06 maio, 2014

Ida a Cucujães a 22 de Março - VTS AVEIRO

Ida a Cucujães a 22 de Março Porque não rezar como S. Domingos? Foi a isso que nos propusemos a 22 de Março, enquanto membros do VTS de Pinheiro da Bemposta. Partimos para Cucujães onde orientamos uma oração de adoração com a comunidade – com um pequeno desafio. Aliar o gesto à palavra, adotando posturas com as quais S. Domingos nos ensinou a rezar. De joelhos, de braços abertos, inclinados: o corpo também pode ajudar à concentração, numa altura em que é tão difícil nos abstrairmos das ânsias do mundo. Ser voluntário é também aceitar orar e rezar o mundo e a vida. São Domingos deixou-nos várias dicas...

E a nós... só nos basta aceitar o desafio.

Deus está ansioso por escutar-nos!
Ivo MAchado e Ana Raquel Rodrigues
VTS-AVEIRO

Roteiro de Teresa de Saldanha em Lisboa -Testemunho do VTS AVEIRO

Roteiro aos lugares de Teresa de Saldanha, em Lisboa

O fim-de-semana pertencente aos dias 28, 29 e 30 de Março de 2014 ficou marcado por ser um fim-de-semana diferente e fugir à regra da rotina. Este fim-de-semana consistiu no roteiro aos lugares da Madre Teresa de Saldanha em Lisboa. Estiveram presentes do pinheiro, a Laura, o Ivo, o Zé, a Filipa e a Francisca que nos brindou com a companhia da sua colega Bruna de Leiria; de Aveiro a nossa querida Irmã Flávia e de Fátima o casal alegre, Frederico Serôdio e Katya Rafael. Todos estes recebidos por um grupo bastante acolhedor, de Lisboa, claro; a Ana Lucas, a Ana Sprit, o Josimar, o Bruno, a Rita com a sua pequena Beatriz, a Maria Olímpia e a nossa sorridente Irmã Alzira.



Este roteiro apenas ocupou os dias 29 e 30, porém, para o grupo do Pinheiro e Aveiro começou mais cedo, no dia 28, sexta-feira, em que saímos do Pinheiro rumo a Aveiro para passar a noite na Casa das Imãs Dominicanas de Catarina de Sena que nos receberam com muito carinho e partilhamos com elas uns minutinhos de conversa, risotas e uma importante oração. Já dormidos e com o sono já em dia ou quase, no meio de um pouco de stress e de muito entusiasmo tomamos o primeiro pequeno-almoço do dia, e saímos com as malas para partir nesta aventura. Depois desta longa, mas para nós curta viagem, chegamos a Lisboa e fomos tomar o segundo pequeno-almoço para recarregarmos as energias, não só com comida mas também com uma oração para assim seguir as pegadas da Madre Teresa de Saldanha. Passamos por muitos sítios importantes: nomeadamente, a casa onde viveu e cresceu; o cemitério onde está o corpo da Madre Fundadora; a igreja de São Domingos; o Convento do Corpo Santo; o Convento dos Cardais onde pudemos sentir a alegria de umas meninas lindas, que nos mostraram que adversidades não nos podem parar, que lutar, ser persistente e não desistir é sempre o melhor apesar, de muitas vezes ser o caminho, aparentemente, mais difícil a percorrer.
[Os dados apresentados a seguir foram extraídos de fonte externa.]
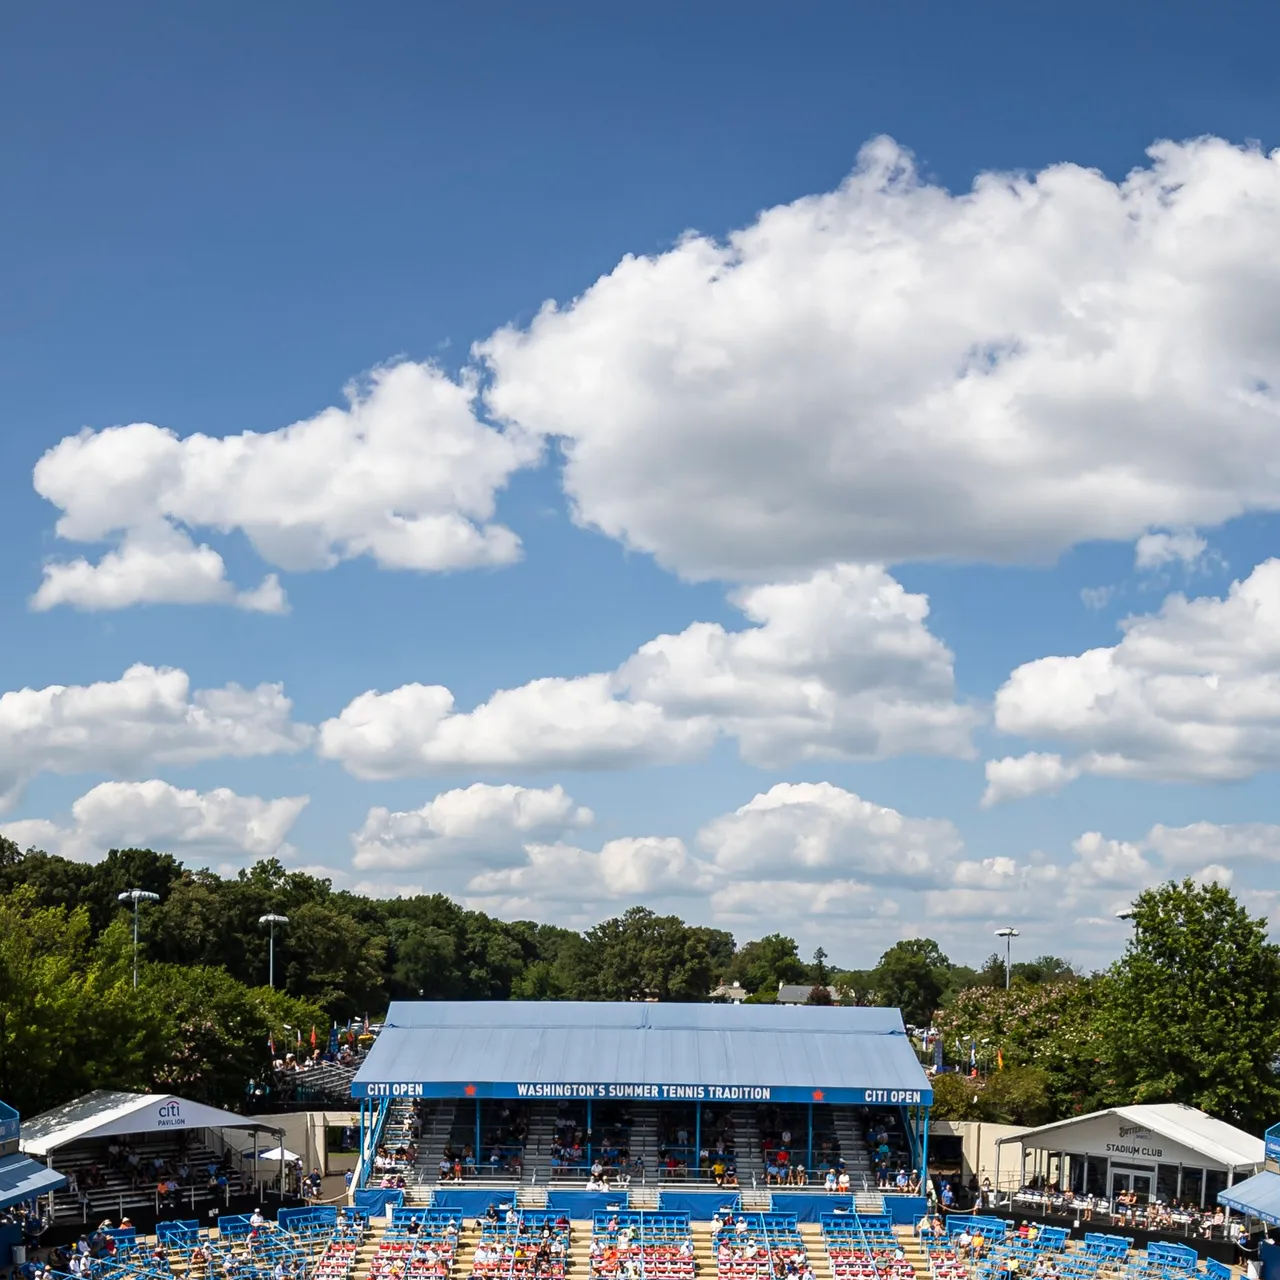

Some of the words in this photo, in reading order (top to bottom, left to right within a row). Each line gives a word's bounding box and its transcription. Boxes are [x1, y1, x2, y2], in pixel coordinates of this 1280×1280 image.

[367, 1084, 390, 1095] CITI
[393, 1084, 423, 1095] OPEN
[517, 1084, 606, 1097] WASHINGTON'S
[608, 1085, 658, 1097] SUMMER
[662, 1086, 705, 1098] TENNIS
[708, 1086, 771, 1099] TRADITION
[865, 1090, 887, 1102] CITI
[890, 1091, 921, 1103] OPEN
[158, 1103, 180, 1117] citi
[1106, 1143, 1140, 1155] STADIUM
[1141, 1148, 1163, 1157] CLUB
 De seguida fomos juntos à missa, um belo momento de comunhão e encontro na casa de Deus, que quando acabou, foi prolongado no nosso coração, fomos para a Casa Mãe – a Casa de São Domingos de Benfica, adquirida pela M. Teresa de Saldanha para a sua obra, expropriada em 1910, e onde agora existe uma comunidade de Irmãs com diversas atividades. Jantamos com uma simplicidade enorme, seguido de uma oração e de uma pequena reunião onde pudemos apresentar o nosso testemunho acerca do grande dia que tinha passado; terminada esta avaliação fomos prepararmo-nos para uma noite descansada.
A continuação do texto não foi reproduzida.